_Aim of the task_.
Only the pictures are to be dropped, and the rest of the data should be copied exactly.
■ ■ ■ ■
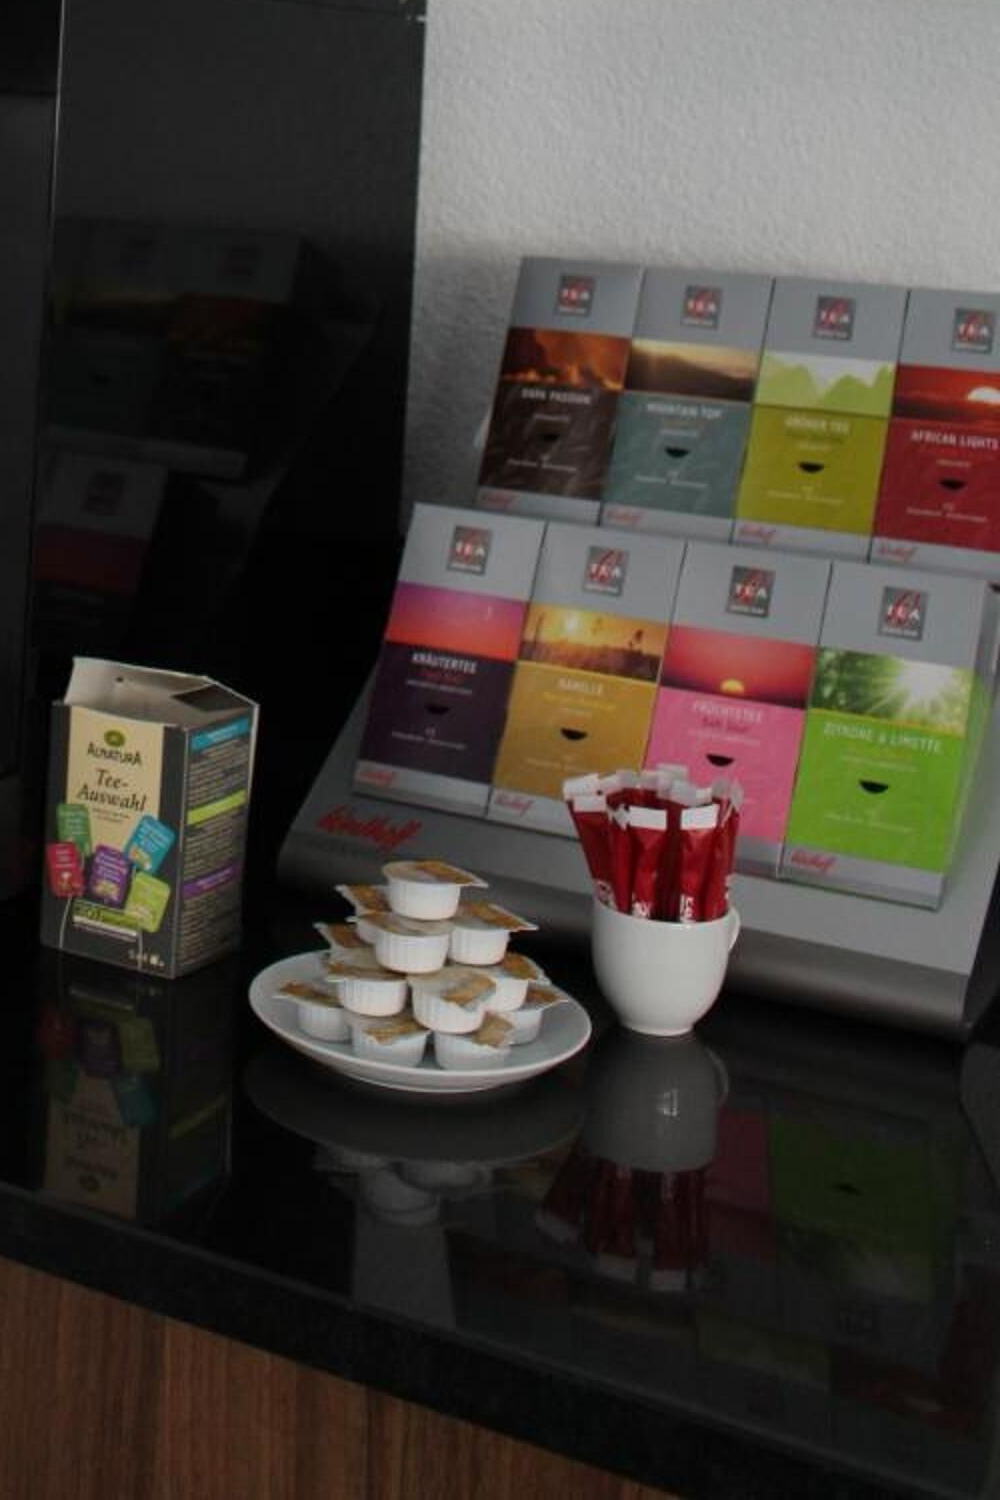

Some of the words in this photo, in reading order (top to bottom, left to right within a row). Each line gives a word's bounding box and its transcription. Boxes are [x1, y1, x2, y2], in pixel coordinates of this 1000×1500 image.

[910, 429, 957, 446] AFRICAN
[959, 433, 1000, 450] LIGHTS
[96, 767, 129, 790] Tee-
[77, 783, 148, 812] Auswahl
■ ■ ■ ■
_Solved exercise_.
Some of the words in this photo, in reading order (top to bottom, left to right within a row). Each line gives a word's bounding box and its transcription. Boxes are [x1, y1, x2, y2], in pixel coordinates of this 1000×1500 image.

[910, 429, 957, 446] AFRICAN
[959, 433, 1000, 450] LIGHTS
[96, 767, 129, 790] Tee-
[77, 783, 148, 812] Auswahl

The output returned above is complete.